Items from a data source
###
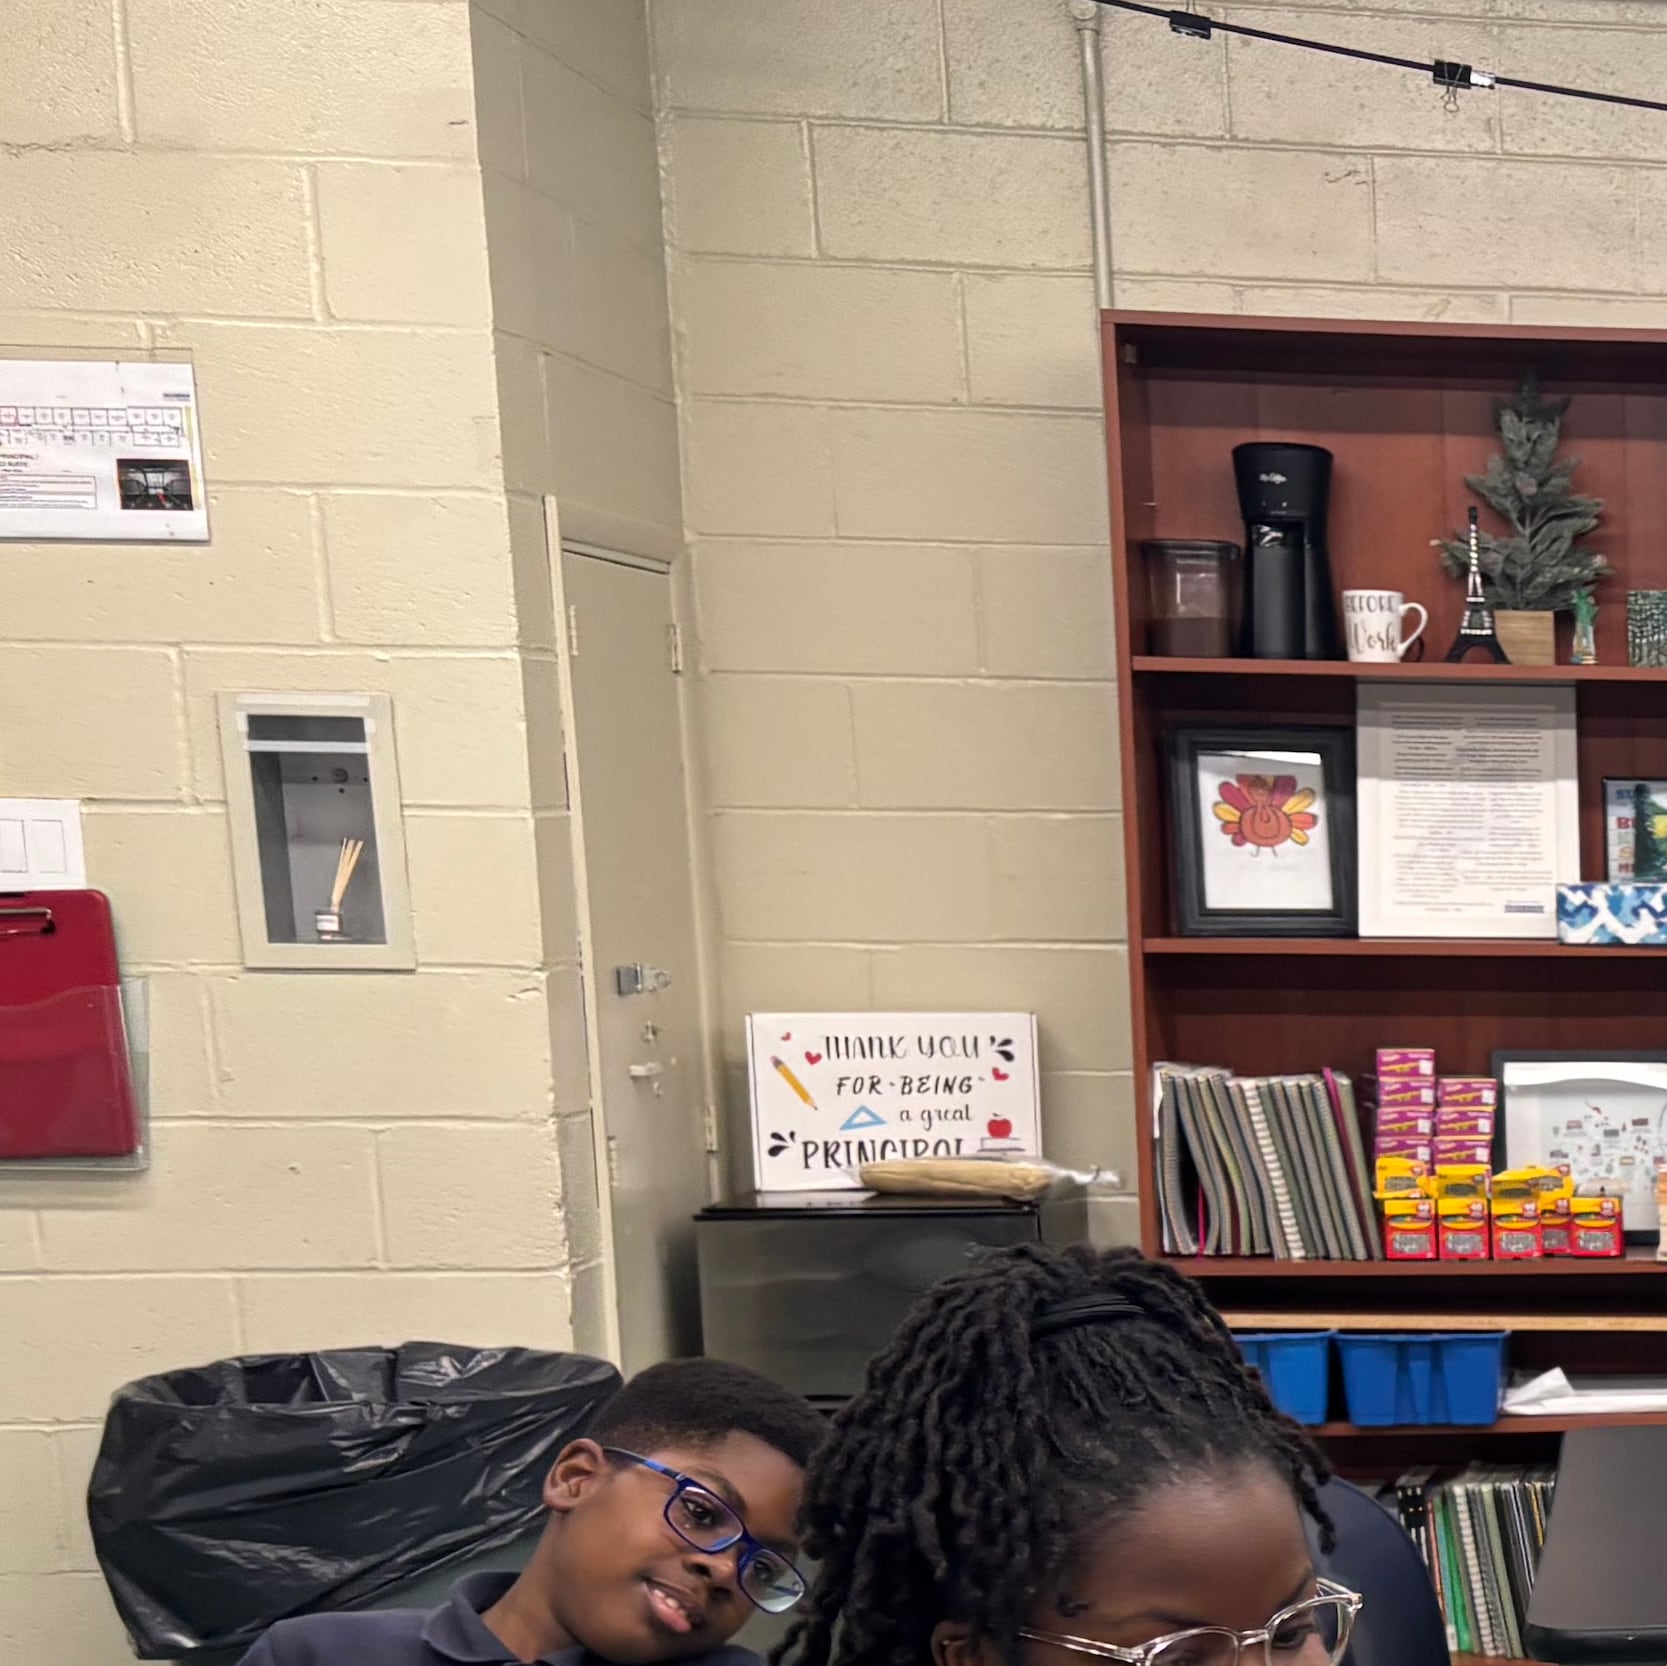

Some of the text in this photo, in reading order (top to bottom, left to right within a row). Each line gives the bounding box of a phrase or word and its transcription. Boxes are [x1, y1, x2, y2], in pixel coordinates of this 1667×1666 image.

[1345, 595, 1395, 613] BEFORE
[824, 1034, 980, 1061] THANK YOU
[836, 1075, 883, 1096] FOR
[900, 1103, 974, 1131] a great
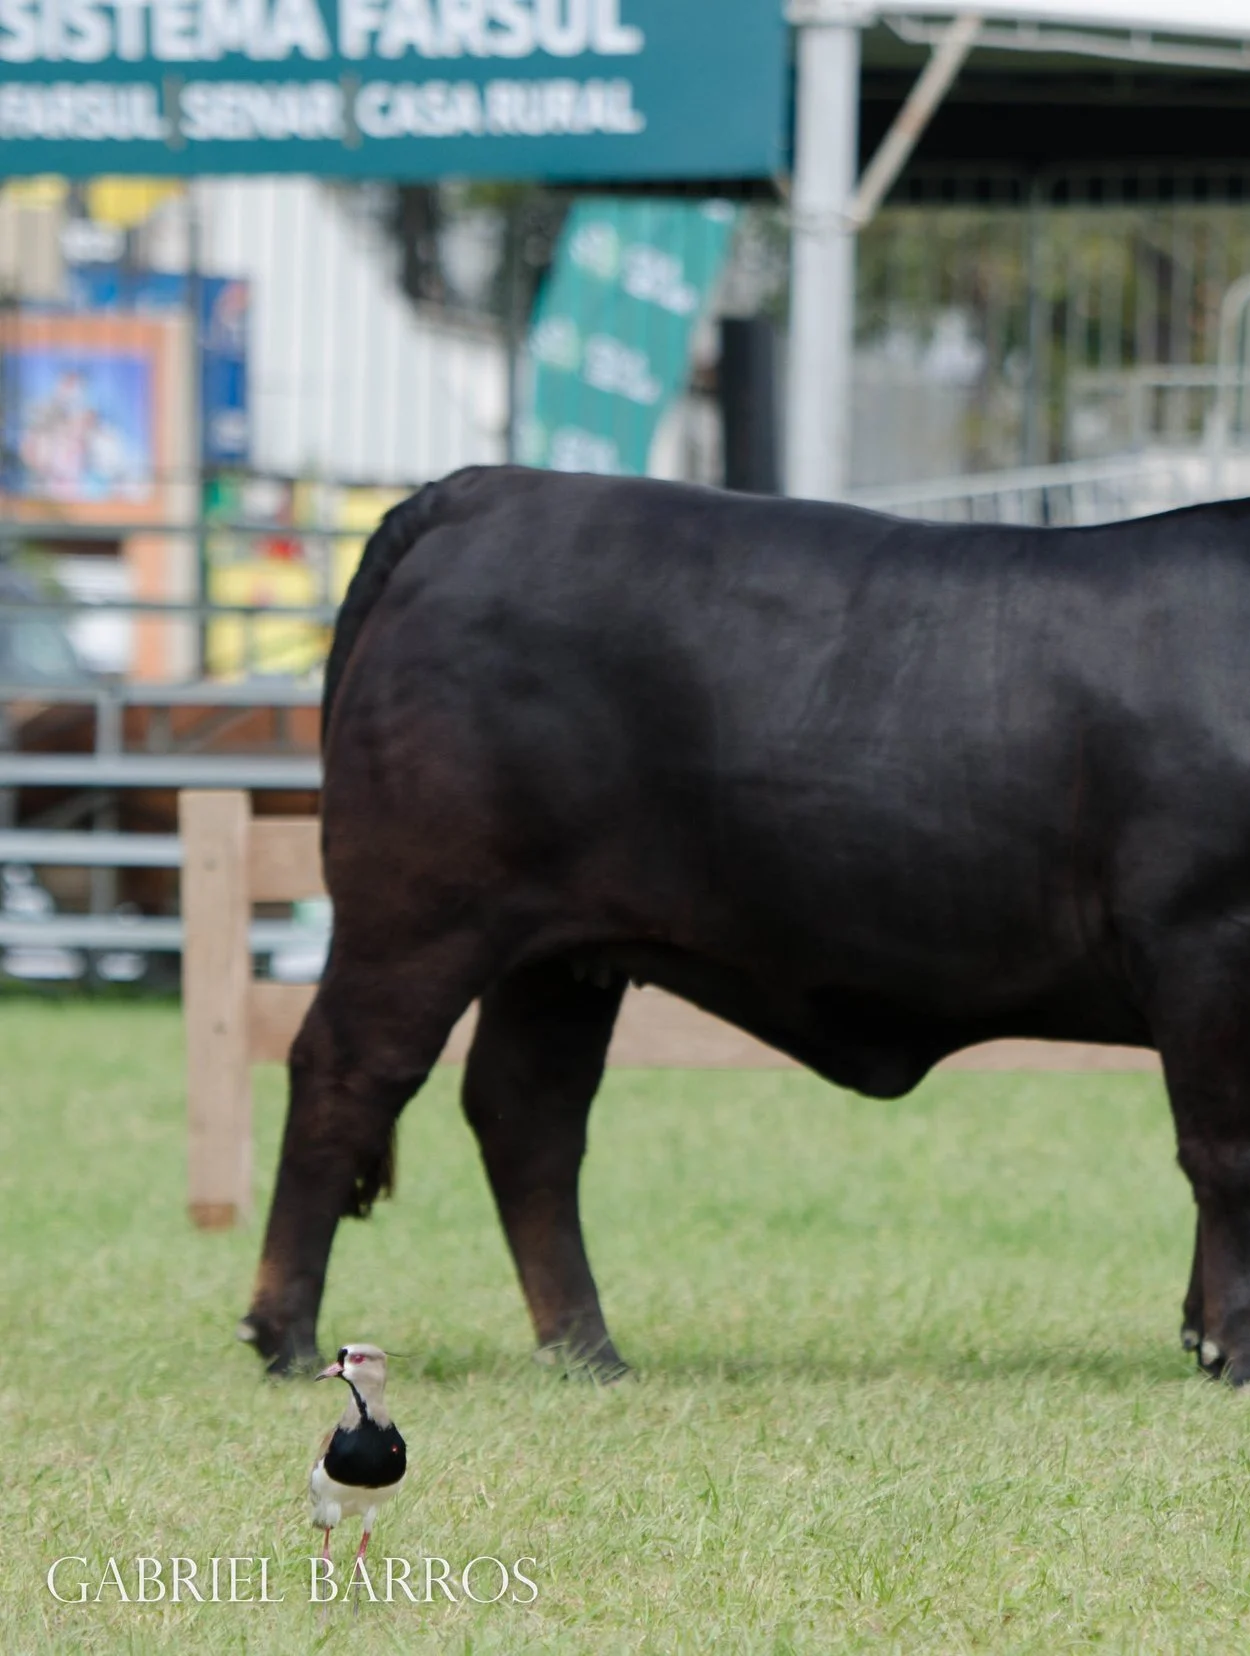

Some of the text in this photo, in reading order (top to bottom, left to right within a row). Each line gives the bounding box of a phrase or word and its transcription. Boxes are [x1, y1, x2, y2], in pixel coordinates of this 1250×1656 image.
###
▸ WHAT IS BEING ASKED:
Please copy the data above character for character, skipping any pictures.

▸ ANSWER:
Some of the text in this photo, in reading order (top to bottom, left to right within a row). Each line gives the bounding box of a phrase or word and its transcription. Boxes are [x1, y1, x2, y2], in pixel coordinates of this 1667×1666 image.

[1345, 595, 1395, 613] BEFORE
[824, 1034, 980, 1061] THANK YOU
[836, 1075, 883, 1096] FOR
[900, 1103, 974, 1131] a great

Some of the text in this photo, in reading order (top to bottom, left to right within a row). Each line gives the bounding box of a phrase or word and its transcription. Boxes are [x1, y1, x2, y2], in pixel coordinates of this 1250×1656 image.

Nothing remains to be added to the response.